- Data extracts:

---

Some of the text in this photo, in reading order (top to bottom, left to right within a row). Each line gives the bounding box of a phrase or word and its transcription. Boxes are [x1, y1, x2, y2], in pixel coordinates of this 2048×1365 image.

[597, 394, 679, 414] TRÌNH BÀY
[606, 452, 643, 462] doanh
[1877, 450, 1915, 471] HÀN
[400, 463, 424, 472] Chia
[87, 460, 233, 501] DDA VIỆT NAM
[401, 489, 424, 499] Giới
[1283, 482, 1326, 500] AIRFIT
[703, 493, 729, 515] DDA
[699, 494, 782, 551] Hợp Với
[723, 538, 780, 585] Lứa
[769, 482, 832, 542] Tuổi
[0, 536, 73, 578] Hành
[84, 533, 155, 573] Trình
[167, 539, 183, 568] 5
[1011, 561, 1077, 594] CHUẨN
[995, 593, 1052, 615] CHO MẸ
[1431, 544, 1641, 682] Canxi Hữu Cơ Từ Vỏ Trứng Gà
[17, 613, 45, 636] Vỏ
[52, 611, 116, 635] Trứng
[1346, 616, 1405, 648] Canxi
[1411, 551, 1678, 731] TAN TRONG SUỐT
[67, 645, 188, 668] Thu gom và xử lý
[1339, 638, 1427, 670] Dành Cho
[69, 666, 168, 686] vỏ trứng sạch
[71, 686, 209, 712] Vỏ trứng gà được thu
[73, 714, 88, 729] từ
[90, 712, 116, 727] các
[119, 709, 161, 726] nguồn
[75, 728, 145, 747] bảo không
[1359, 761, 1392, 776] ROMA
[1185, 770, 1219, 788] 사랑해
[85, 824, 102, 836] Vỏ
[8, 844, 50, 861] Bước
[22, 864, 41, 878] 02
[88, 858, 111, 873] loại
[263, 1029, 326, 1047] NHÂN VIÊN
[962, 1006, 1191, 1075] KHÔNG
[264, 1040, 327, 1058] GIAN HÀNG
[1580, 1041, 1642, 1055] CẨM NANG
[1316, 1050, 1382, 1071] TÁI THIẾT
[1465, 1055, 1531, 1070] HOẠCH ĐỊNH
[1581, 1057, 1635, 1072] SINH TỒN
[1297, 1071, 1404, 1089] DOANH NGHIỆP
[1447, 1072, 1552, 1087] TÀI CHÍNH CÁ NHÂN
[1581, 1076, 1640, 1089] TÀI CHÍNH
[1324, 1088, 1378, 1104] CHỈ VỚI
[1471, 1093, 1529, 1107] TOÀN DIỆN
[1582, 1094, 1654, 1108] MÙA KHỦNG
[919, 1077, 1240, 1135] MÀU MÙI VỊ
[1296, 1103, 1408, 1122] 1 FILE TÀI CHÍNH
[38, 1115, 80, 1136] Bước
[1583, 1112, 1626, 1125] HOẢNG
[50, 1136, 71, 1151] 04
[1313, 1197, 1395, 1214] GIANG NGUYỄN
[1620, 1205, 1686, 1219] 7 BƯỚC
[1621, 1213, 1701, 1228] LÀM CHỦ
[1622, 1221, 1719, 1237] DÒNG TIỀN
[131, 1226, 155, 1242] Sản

---

- Work request:
State how many lines of the records above contain the word "CHÍNH", giving only that number.

- Exercise output:
3